Venmurasu
- Venmurasu, a 26-volume Tamil retelling of the Mahābhārata by Bahuleyan Jeyamohan.
- Author: Bahuleyan Jeyamohan
- Original title: Venmurasu
- Illustrator: Shanmugavel
- Language: Tamil
- Genre: Indian Magic Realism or Puranic realism
- Publisher: Natrinai Pathippagam Kizhakku Pathippagam
- Publication date: 2014
- Publication place: India
- Media type: Print (hardback & paperback)
- Pages: 22,400

= Venmurasu =

2006-2025 Tamil novel based on the Mahabharata

Venmurasu (Tamil: வெண்முரசு, Veṇmurasu; transl. "The White Drum") is a Tamil-language novel by Bahuleyan Jeyamohan. It is a modern retelling of the Indian epic poem, the Mahābhārata. Consisting of 26 volumes and spanning approximately 22,400 pages, Venmurasu is one of the longest novels ever published. Jeyamohan began writing this novel in January 2014 and completed it in July 2020.

The novel follows a linear narrative style similar to that of the Mahābhārata. It has been published in hardcover and paperback.

==Background==
In a 2015 interview with CMR Tamil, author B. Jeyamohan cited the Kathakali renditions of the Mahābhārata as his main source of influence for Venmurasu. This inspiration featured the Kathakali portrayals of characters such as Duryodhana and Karna, which Jeyamohan stated shaped his childhood.
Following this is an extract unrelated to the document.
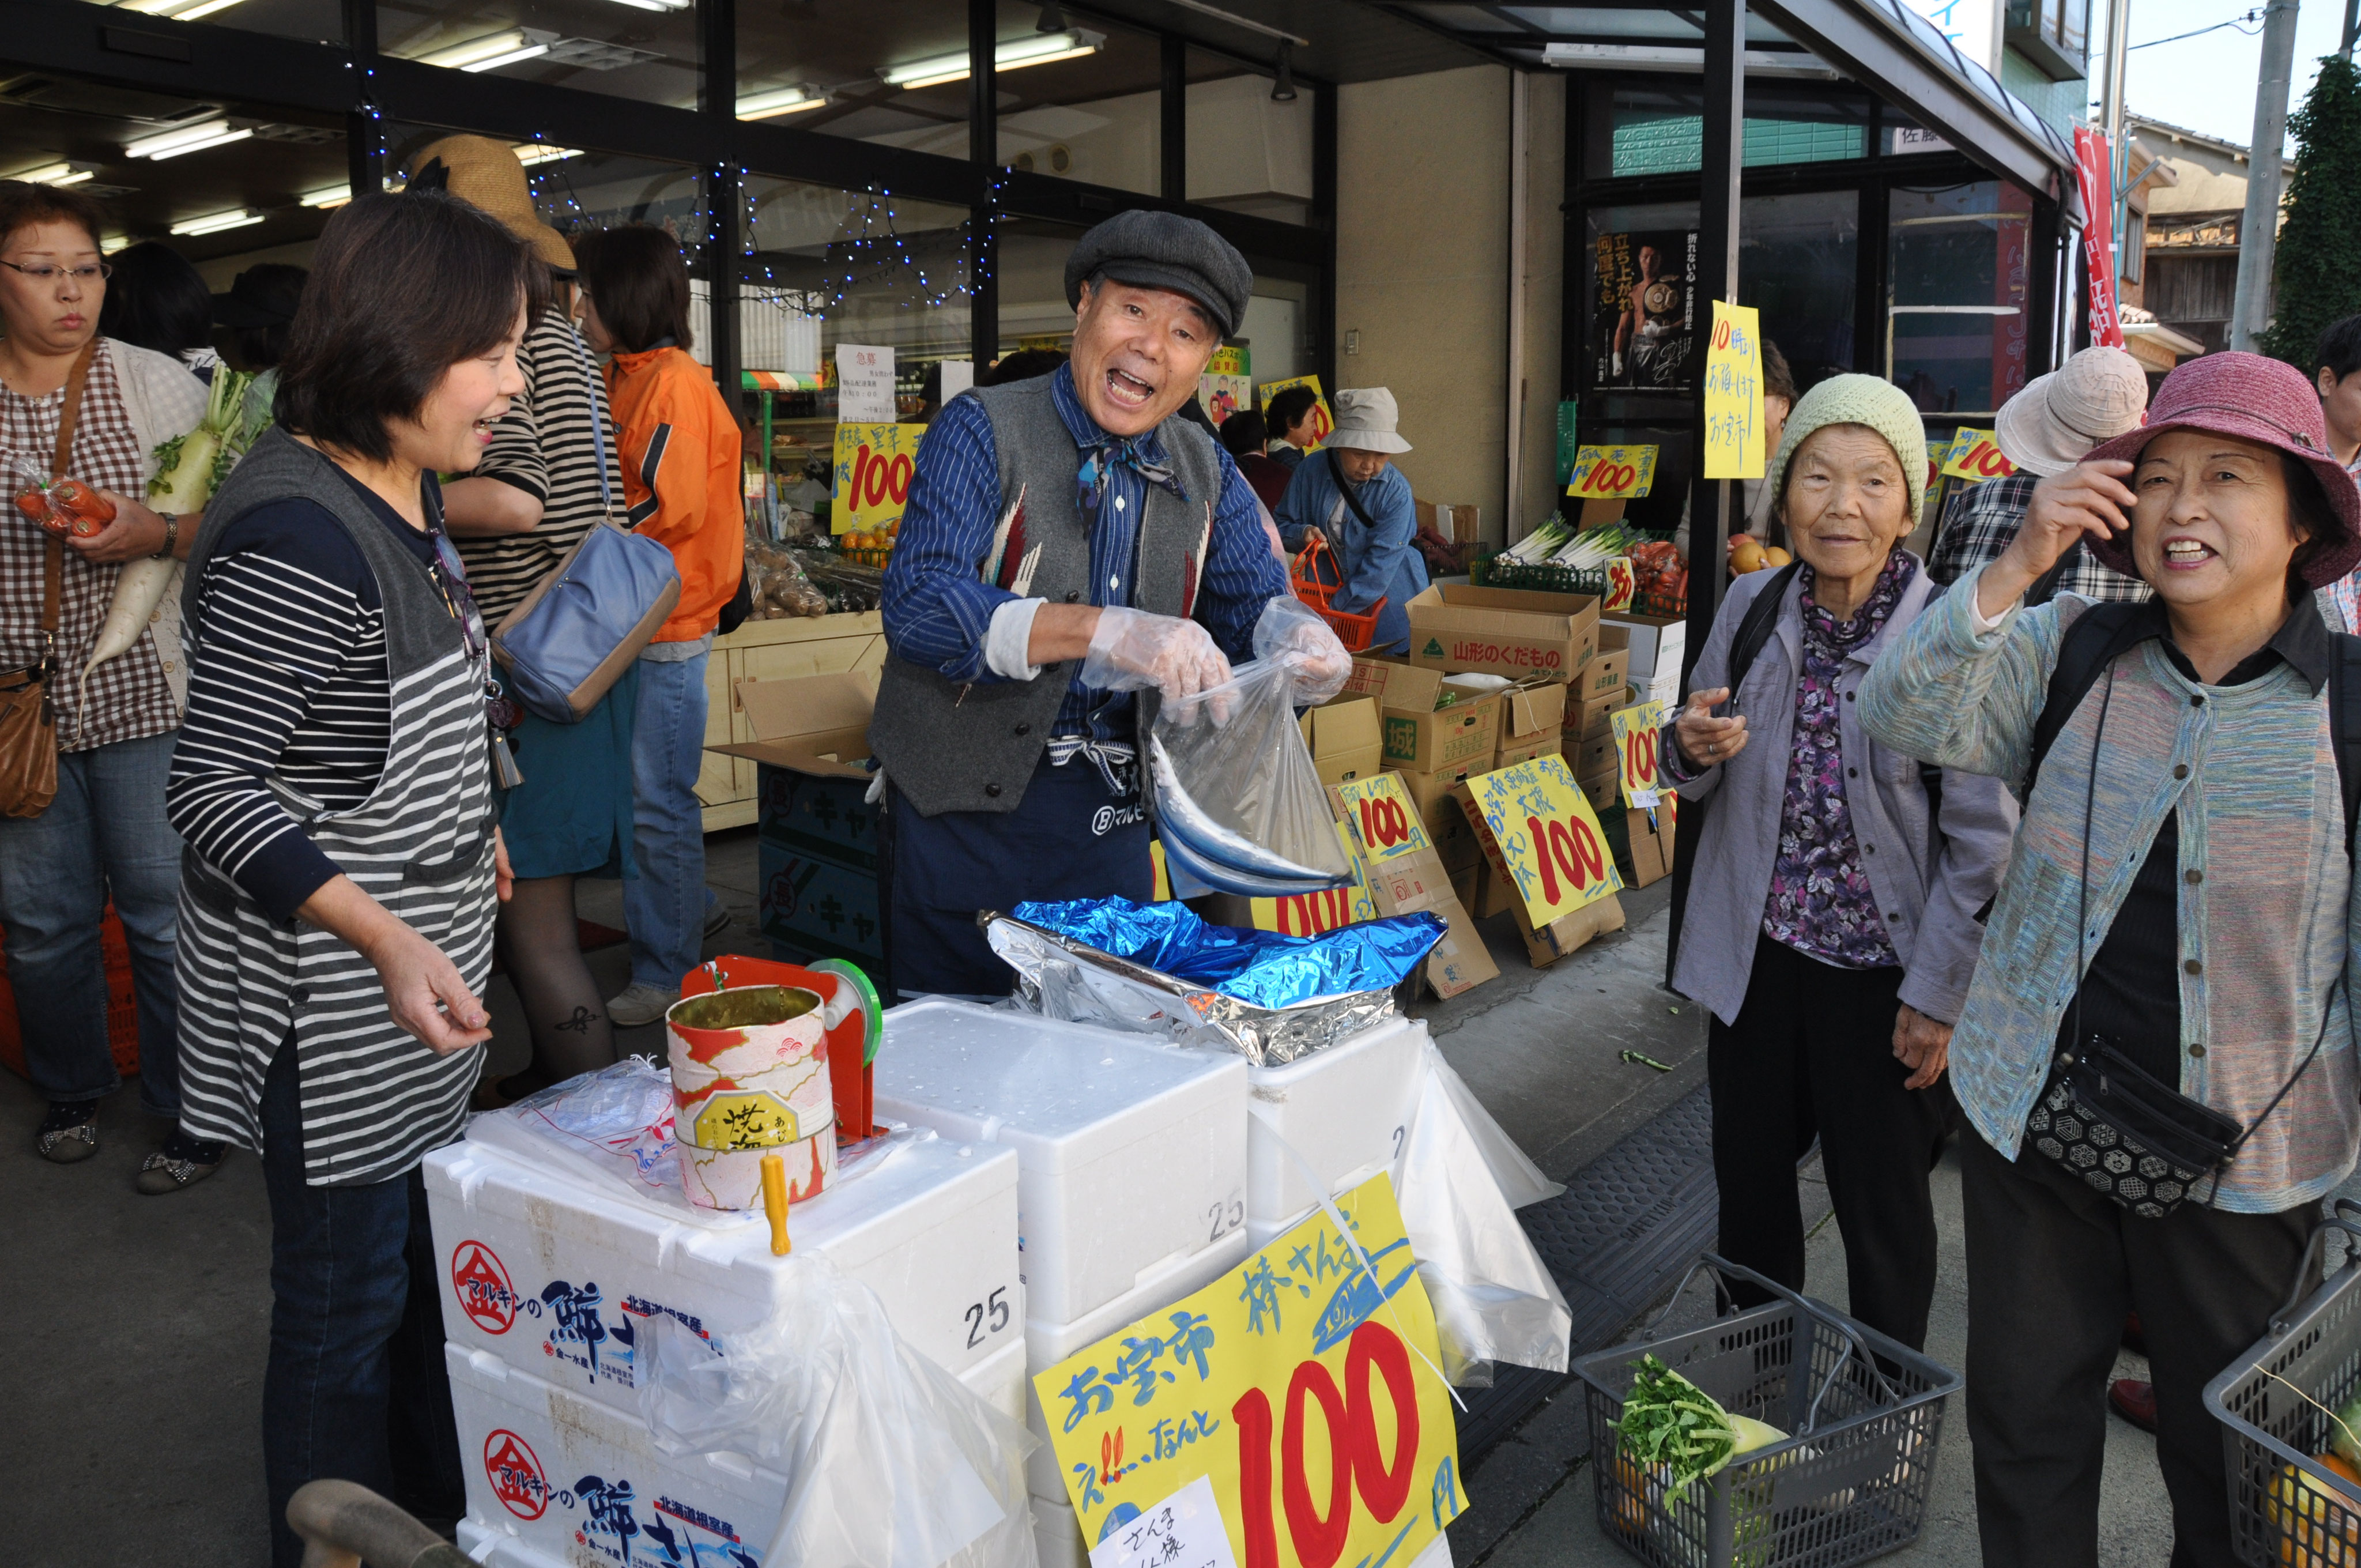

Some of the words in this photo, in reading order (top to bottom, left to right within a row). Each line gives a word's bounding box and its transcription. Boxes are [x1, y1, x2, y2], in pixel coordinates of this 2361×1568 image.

The Bhagavad Gita also influenced his worldview.

He began writing Venmurasu in January 2014 after a conversation with his daughter. He uploaded a chapter online every day throughout the writing process.

==Style==
Jeyamohan has described Venmurasu as a modern novel based on the Mahābhārata. While the epic’s framework guides the storyline, it incorporates modern literary techniques such as nested narratives, intertextuality, and fantasy elements. Jeyamohan refers to this stylistic approach as Puranic Realism.

Drawing from sources including the Srimad Bhagavata, the Devi Bhagavata, and folk traditions, Venmurasu interweaves myths and legends from diverse Indian traditions. The novel has been compared to classical works like The Odyssey, The Iliad, and Kamba Ramayana.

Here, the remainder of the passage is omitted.